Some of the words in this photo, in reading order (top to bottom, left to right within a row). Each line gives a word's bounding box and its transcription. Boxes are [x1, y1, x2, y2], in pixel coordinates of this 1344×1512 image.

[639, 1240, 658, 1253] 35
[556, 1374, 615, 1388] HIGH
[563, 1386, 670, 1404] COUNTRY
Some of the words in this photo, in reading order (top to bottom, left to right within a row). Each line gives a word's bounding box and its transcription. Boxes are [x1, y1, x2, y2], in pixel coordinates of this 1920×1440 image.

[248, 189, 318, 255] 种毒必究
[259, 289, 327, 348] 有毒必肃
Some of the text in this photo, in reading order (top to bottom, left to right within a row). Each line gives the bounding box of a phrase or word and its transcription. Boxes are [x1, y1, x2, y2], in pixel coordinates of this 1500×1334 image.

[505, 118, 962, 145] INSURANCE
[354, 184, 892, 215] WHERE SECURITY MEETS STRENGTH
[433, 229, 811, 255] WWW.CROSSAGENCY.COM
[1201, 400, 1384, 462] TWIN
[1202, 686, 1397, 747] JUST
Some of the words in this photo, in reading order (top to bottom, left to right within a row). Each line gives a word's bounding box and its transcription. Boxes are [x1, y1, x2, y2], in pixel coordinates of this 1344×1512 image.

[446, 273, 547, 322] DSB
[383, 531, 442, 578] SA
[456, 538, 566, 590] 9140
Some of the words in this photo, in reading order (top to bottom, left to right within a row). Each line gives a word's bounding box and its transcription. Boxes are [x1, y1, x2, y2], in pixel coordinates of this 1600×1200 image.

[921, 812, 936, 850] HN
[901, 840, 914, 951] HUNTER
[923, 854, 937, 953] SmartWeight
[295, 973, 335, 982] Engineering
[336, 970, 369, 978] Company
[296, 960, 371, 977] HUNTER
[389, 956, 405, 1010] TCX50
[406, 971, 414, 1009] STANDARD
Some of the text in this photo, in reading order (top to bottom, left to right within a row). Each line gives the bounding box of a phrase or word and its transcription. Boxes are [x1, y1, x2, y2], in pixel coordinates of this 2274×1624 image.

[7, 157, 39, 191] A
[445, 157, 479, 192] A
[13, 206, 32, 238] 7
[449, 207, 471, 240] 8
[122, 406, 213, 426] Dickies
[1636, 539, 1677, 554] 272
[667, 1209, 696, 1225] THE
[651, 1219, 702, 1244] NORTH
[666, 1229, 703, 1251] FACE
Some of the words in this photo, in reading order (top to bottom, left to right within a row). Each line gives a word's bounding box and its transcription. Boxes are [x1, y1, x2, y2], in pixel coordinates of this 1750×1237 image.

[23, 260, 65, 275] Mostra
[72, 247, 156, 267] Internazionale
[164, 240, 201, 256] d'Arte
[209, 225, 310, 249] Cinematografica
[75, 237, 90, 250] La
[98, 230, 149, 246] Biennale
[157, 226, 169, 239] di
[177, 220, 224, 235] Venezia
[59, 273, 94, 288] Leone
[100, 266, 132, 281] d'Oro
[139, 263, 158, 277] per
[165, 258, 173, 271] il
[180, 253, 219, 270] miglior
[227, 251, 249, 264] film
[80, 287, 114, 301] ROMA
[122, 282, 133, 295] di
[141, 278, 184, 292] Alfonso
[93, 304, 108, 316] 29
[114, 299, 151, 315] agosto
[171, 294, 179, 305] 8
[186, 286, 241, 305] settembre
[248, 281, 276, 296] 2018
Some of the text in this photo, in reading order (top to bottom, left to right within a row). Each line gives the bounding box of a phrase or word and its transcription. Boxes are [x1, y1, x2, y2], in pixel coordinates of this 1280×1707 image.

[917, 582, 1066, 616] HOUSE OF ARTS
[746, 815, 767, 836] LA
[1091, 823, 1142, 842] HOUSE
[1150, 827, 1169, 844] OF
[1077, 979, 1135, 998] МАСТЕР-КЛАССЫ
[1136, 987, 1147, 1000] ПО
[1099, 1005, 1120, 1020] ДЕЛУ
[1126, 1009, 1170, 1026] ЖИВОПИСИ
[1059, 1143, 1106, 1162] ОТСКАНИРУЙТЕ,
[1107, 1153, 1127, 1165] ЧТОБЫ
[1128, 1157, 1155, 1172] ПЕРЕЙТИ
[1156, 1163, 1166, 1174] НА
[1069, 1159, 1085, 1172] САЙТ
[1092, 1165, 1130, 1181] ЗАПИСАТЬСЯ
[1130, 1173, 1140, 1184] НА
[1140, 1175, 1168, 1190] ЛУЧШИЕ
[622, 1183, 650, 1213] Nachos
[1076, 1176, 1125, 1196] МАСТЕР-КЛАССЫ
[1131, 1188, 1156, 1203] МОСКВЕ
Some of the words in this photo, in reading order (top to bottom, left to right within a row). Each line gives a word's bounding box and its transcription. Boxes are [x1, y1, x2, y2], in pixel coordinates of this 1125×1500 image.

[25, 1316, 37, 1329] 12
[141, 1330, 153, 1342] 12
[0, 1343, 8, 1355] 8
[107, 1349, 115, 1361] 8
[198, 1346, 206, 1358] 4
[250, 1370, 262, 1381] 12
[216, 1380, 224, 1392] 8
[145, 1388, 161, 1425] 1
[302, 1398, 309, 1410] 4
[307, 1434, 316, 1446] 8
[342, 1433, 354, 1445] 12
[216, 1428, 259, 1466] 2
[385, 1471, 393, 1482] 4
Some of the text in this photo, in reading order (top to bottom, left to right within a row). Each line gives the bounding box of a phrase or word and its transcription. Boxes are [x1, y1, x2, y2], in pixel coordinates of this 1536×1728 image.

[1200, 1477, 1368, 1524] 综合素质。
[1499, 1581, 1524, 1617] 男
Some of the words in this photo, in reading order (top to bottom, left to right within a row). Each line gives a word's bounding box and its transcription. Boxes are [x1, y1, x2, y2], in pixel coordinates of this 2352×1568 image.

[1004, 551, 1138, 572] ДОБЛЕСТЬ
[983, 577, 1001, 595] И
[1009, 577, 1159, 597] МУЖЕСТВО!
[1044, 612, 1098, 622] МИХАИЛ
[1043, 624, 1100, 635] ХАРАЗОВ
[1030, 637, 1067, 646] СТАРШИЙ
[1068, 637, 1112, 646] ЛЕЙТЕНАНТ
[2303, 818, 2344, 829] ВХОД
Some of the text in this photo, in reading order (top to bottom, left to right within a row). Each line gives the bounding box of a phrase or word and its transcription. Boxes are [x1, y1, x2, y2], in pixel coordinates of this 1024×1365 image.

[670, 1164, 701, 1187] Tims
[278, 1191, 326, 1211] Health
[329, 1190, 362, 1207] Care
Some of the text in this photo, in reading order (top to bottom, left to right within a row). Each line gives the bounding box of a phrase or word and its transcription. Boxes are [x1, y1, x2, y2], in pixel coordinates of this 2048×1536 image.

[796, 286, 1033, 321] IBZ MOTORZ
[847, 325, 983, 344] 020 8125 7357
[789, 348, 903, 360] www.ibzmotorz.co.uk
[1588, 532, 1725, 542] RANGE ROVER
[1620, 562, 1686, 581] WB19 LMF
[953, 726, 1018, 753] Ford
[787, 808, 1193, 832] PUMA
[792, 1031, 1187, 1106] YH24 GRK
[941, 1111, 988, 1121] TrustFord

---*---

The whole of the material should be restated word for word.

## Task result
Some of the words in this photo, in reading order (top to bottom, left to right within a row). Each line gives a word's bounding box and its transcription. Boxes are [x1, y1, x2, y2], in pixel coordinates of this 1344×1512 image.

[639, 1240, 658, 1253] 35
[556, 1374, 615, 1388] HIGH
[563, 1386, 670, 1404] COUNTRY
Some of the words in this photo, in reading order (top to bottom, left to right within a row). Each line gives a word's bounding box and its transcription. Boxes are [x1, y1, x2, y2], in pixel coordinates of this 1920×1440 image.

[248, 189, 318, 255] 种毒必究
[259, 289, 327, 348] 有毒必肃
Some of the text in this photo, in reading order (top to bottom, left to right within a row). Each line gives the bounding box of a phrase or word and its transcription. Boxes are [x1, y1, x2, y2], in pixel coordinates of this 1500×1334 image.

[505, 118, 962, 145] INSURANCE
[354, 184, 892, 215] WHERE SECURITY MEETS STRENGTH
[433, 229, 811, 255] WWW.CROSSAGENCY.COM
[1201, 400, 1384, 462] TWIN
[1202, 686, 1397, 747] JUST
Some of the words in this photo, in reading order (top to bottom, left to right within a row). Each line gives a word's bounding box and its transcription. Boxes are [x1, y1, x2, y2], in pixel coordinates of this 1344×1512 image.

[446, 273, 547, 322] DSB
[383, 531, 442, 578] SA
[456, 538, 566, 590] 9140
Some of the words in this photo, in reading order (top to bottom, left to right within a row). Each line gives a word's bounding box and its transcription. Boxes are [x1, y1, x2, y2], in pixel coordinates of this 1600×1200 image.

[921, 812, 936, 850] HN
[901, 840, 914, 951] HUNTER
[923, 854, 937, 953] SmartWeight
[295, 973, 335, 982] Engineering
[336, 970, 369, 978] Company
[296, 960, 371, 977] HUNTER
[389, 956, 405, 1010] TCX50
[406, 971, 414, 1009] STANDARD
Some of the text in this photo, in reading order (top to bottom, left to right within a row). Each line gives the bounding box of a phrase or word and its transcription. Boxes are [x1, y1, x2, y2], in pixel coordinates of this 2274×1624 image.

[7, 157, 39, 191] A
[445, 157, 479, 192] A
[13, 206, 32, 238] 7
[449, 207, 471, 240] 8
[122, 406, 213, 426] Dickies
[1636, 539, 1677, 554] 272
[667, 1209, 696, 1225] THE
[651, 1219, 702, 1244] NORTH
[666, 1229, 703, 1251] FACE
Some of the words in this photo, in reading order (top to bottom, left to right within a row). Each line gives a word's bounding box and its transcription. Boxes are [x1, y1, x2, y2], in pixel coordinates of this 1750×1237 image.

[23, 260, 65, 275] Mostra
[72, 247, 156, 267] Internazionale
[164, 240, 201, 256] d'Arte
[209, 225, 310, 249] Cinematografica
[75, 237, 90, 250] La
[98, 230, 149, 246] Biennale
[157, 226, 169, 239] di
[177, 220, 224, 235] Venezia
[59, 273, 94, 288] Leone
[100, 266, 132, 281] d'Oro
[139, 263, 158, 277] per
[165, 258, 173, 271] il
[180, 253, 219, 270] miglior
[227, 251, 249, 264] film
[80, 287, 114, 301] ROMA
[122, 282, 133, 295] di
[141, 278, 184, 292] Alfonso
[93, 304, 108, 316] 29
[114, 299, 151, 315] agosto
[171, 294, 179, 305] 8
[186, 286, 241, 305] settembre
[248, 281, 276, 296] 2018
Some of the text in this photo, in reading order (top to bottom, left to right within a row). Each line gives the bounding box of a phrase or word and its transcription. Boxes are [x1, y1, x2, y2], in pixel coordinates of this 1280×1707 image.

[917, 582, 1066, 616] HOUSE OF ARTS
[746, 815, 767, 836] LA
[1091, 823, 1142, 842] HOUSE
[1150, 827, 1169, 844] OF
[1077, 979, 1135, 998] МАСТЕР-КЛАССЫ
[1136, 987, 1147, 1000] ПО
[1099, 1005, 1120, 1020] ДЕЛУ
[1126, 1009, 1170, 1026] ЖИВОПИСИ
[1059, 1143, 1106, 1162] ОТСКАНИРУЙТЕ,
[1107, 1153, 1127, 1165] ЧТОБЫ
[1128, 1157, 1155, 1172] ПЕРЕЙТИ
[1156, 1163, 1166, 1174] НА
[1069, 1159, 1085, 1172] САЙТ
[1092, 1165, 1130, 1181] ЗАПИСАТЬСЯ
[1130, 1173, 1140, 1184] НА
[1140, 1175, 1168, 1190] ЛУЧШИЕ
[622, 1183, 650, 1213] Nachos
[1076, 1176, 1125, 1196] МАСТЕР-КЛАССЫ
[1131, 1188, 1156, 1203] МОСКВЕ
Some of the words in this photo, in reading order (top to bottom, left to right within a row). Each line gives a word's bounding box and its transcription. Boxes are [x1, y1, x2, y2], in pixel coordinates of this 1125×1500 image.

[25, 1316, 37, 1329] 12
[141, 1330, 153, 1342] 12
[0, 1343, 8, 1355] 8
[107, 1349, 115, 1361] 8
[198, 1346, 206, 1358] 4
[250, 1370, 262, 1381] 12
[216, 1380, 224, 1392] 8
[145, 1388, 161, 1425] 1
[302, 1398, 309, 1410] 4
[307, 1434, 316, 1446] 8
[342, 1433, 354, 1445] 12
[216, 1428, 259, 1466] 2
[385, 1471, 393, 1482] 4
Some of the text in this photo, in reading order (top to bottom, left to right within a row). Each line gives the bounding box of a phrase or word and its transcription. Boxes are [x1, y1, x2, y2], in pixel coordinates of this 1536×1728 image.

[1200, 1477, 1368, 1524] 综合素质。
[1499, 1581, 1524, 1617] 男
Some of the words in this photo, in reading order (top to bottom, left to right within a row). Each line gives a word's bounding box and its transcription. Boxes are [x1, y1, x2, y2], in pixel coordinates of this 2352×1568 image.

[1004, 551, 1138, 572] ДОБЛЕСТЬ
[983, 577, 1001, 595] И
[1009, 577, 1159, 597] МУЖЕСТВО!
[1044, 612, 1098, 622] МИХАИЛ
[1043, 624, 1100, 635] ХАРАЗОВ
[1030, 637, 1067, 646] СТАРШИЙ
[1068, 637, 1112, 646] ЛЕЙТЕНАНТ
[2303, 818, 2344, 829] ВХОД
Some of the text in this photo, in reading order (top to bottom, left to right within a row). Each line gives the bounding box of a phrase or word and its transcription. Boxes are [x1, y1, x2, y2], in pixel coordinates of this 1024×1365 image.

[670, 1164, 701, 1187] Tims
[278, 1191, 326, 1211] Health
[329, 1190, 362, 1207] Care
Some of the text in this photo, in reading order (top to bottom, left to right within a row). Each line gives the bounding box of a phrase or word and its transcription. Boxes are [x1, y1, x2, y2], in pixel coordinates of this 2048×1536 image.

[796, 286, 1033, 321] IBZ MOTORZ
[847, 325, 983, 344] 020 8125 7357
[789, 348, 903, 360] www.ibzmotorz.co.uk
[1588, 532, 1725, 542] RANGE ROVER
[1620, 562, 1686, 581] WB19 LMF
[953, 726, 1018, 753] Ford
[787, 808, 1193, 832] PUMA
[792, 1031, 1187, 1106] YH24 GRK
[941, 1111, 988, 1121] TrustFord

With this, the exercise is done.